Find the indicated nth partial sum of the arithmetic sequence.
2, 10, 18, 26, . . ., n = 15
a = 2
d = 8
n = 15
https://www.mathsisfun.com/algebra/sequences-sums-arithmetic.html
Wouldn't the answer be 114
To find the indicated nth partial sum of an arithmetic sequence, you need to use the formula for the nth term of an arithmetic sequence and the formula for the sum of an arithmetic series.
The formula for the nth term of an arithmetic sequence is:
an = a1 + (n - 1)d
where a1 is the first term, n is the term number, and d is the common difference between consecutive terms.
In this case, the first term (a1) is 2 and the common difference (d) is 8 (the difference between consecutive terms).
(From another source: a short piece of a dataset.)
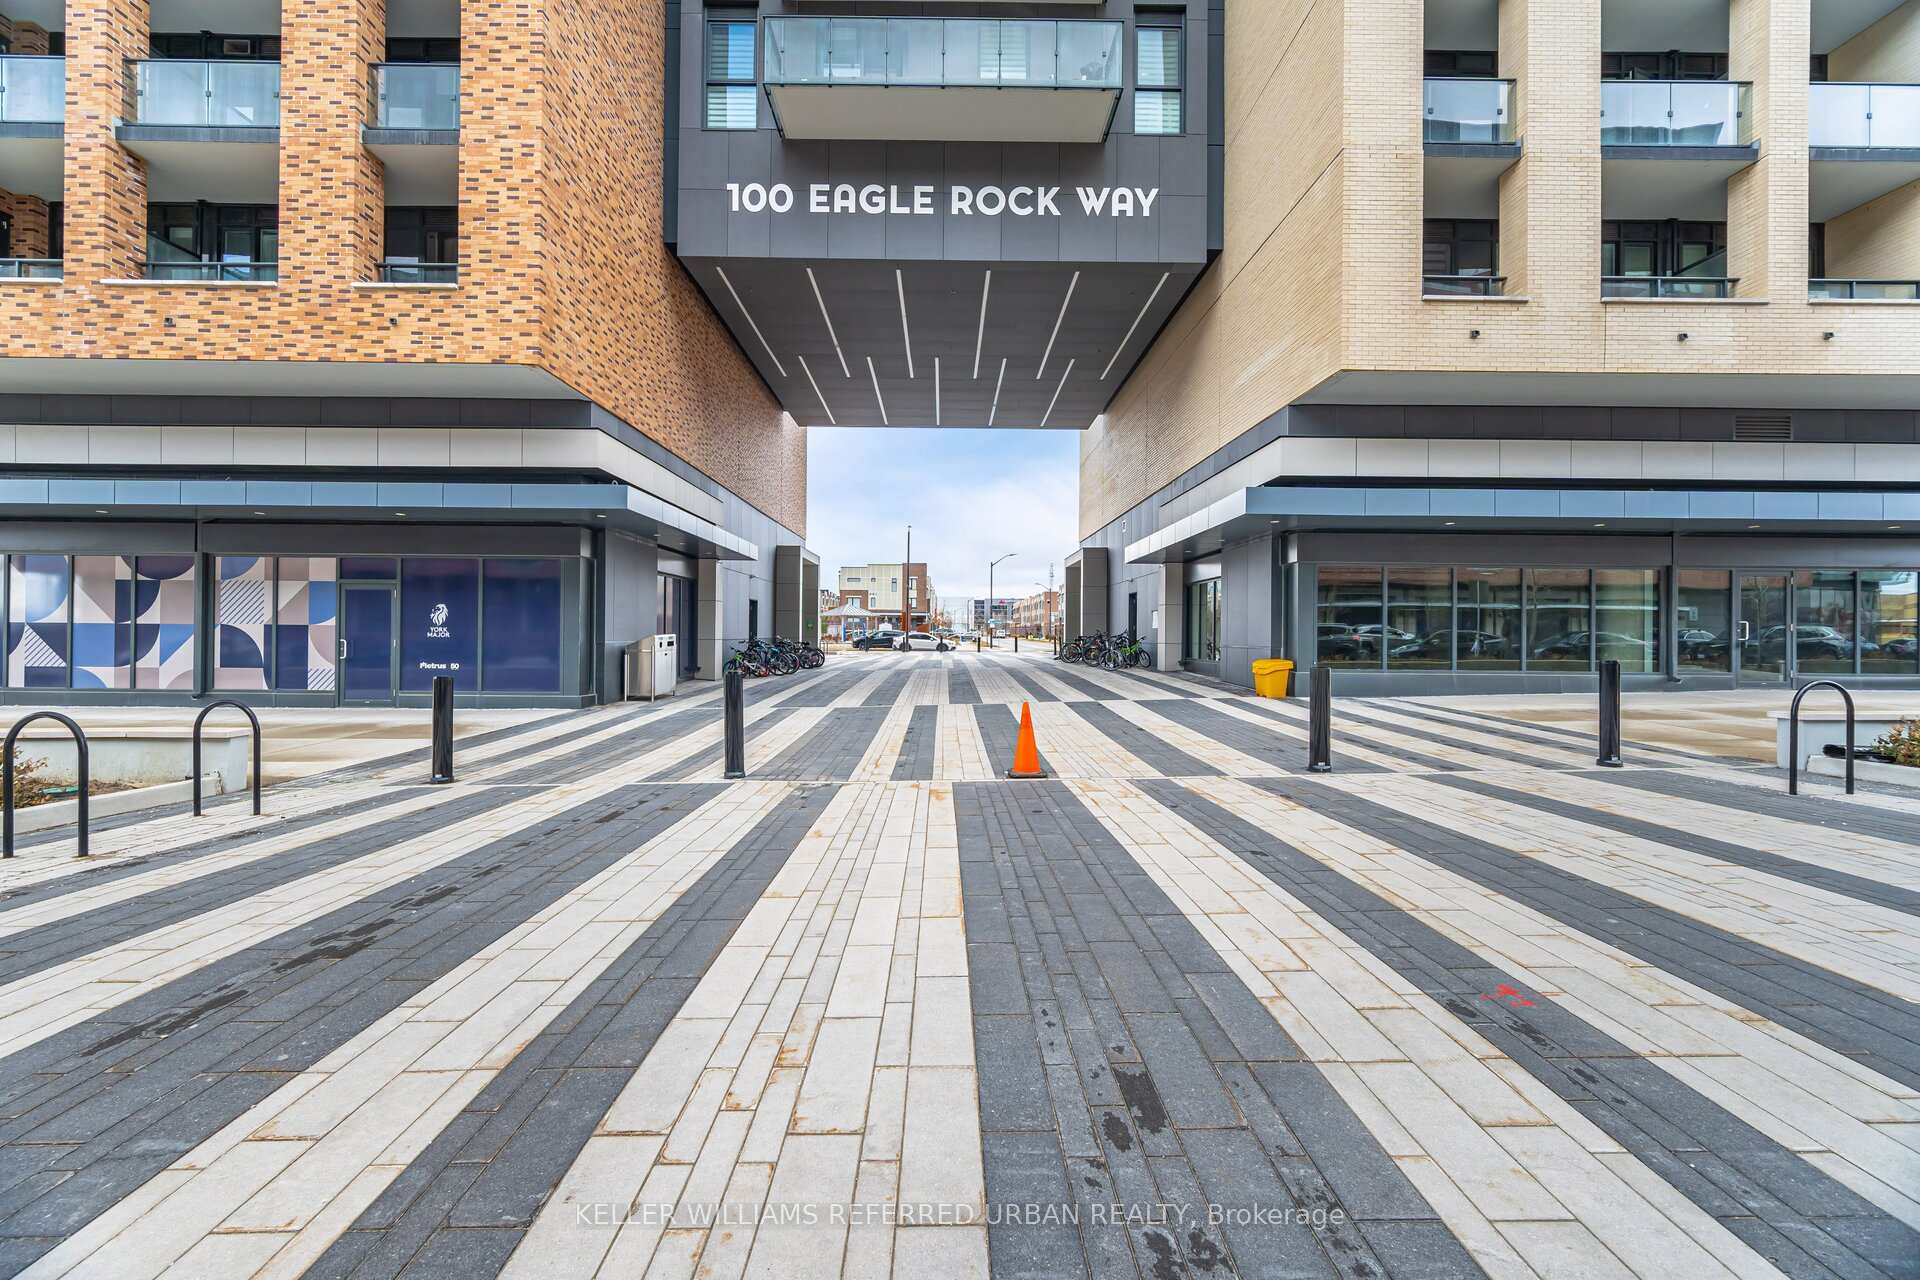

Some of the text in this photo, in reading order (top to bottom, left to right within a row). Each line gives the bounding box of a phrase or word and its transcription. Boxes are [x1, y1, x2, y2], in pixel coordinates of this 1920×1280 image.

[726, 183, 1159, 217] 100 EAGLE ROCK WAY
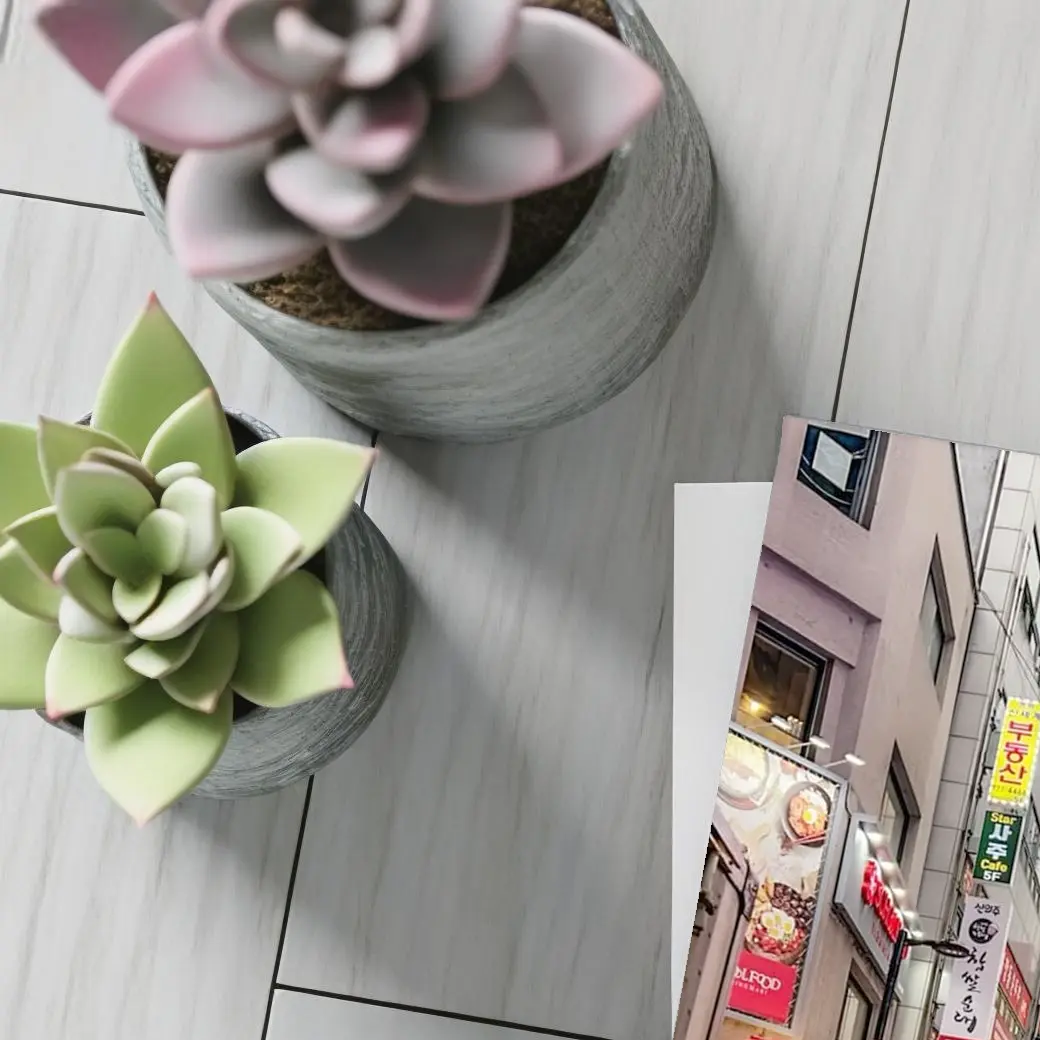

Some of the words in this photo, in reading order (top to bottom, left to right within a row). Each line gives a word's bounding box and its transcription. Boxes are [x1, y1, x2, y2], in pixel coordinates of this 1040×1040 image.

So, the nth term of this arithmetic sequence is:
an = 2 + (n - 1)8
To find the sum of n terms in an arithmetic series, you can use the formula:
Sn = (n/2)(a1 + an)
where Sn is the sum of the first n terms, n is the number of terms, a1 is the first term, and an is the nth term.
For the partial sum when n = 15, you can substitute the values into the formulas:
an = 2 + (15 - 1)8
an = 2 + 14 * 8
an = 2 + 112
an = 114
Sn = (15/2)(2 + 114)
Sn = (15/2)(116)
Sn = 15 * 58
Sn = 870
Therefore, the indicated 15th partial sum of the arithmetic sequence 2, 10, 18, 26, . . . is 870.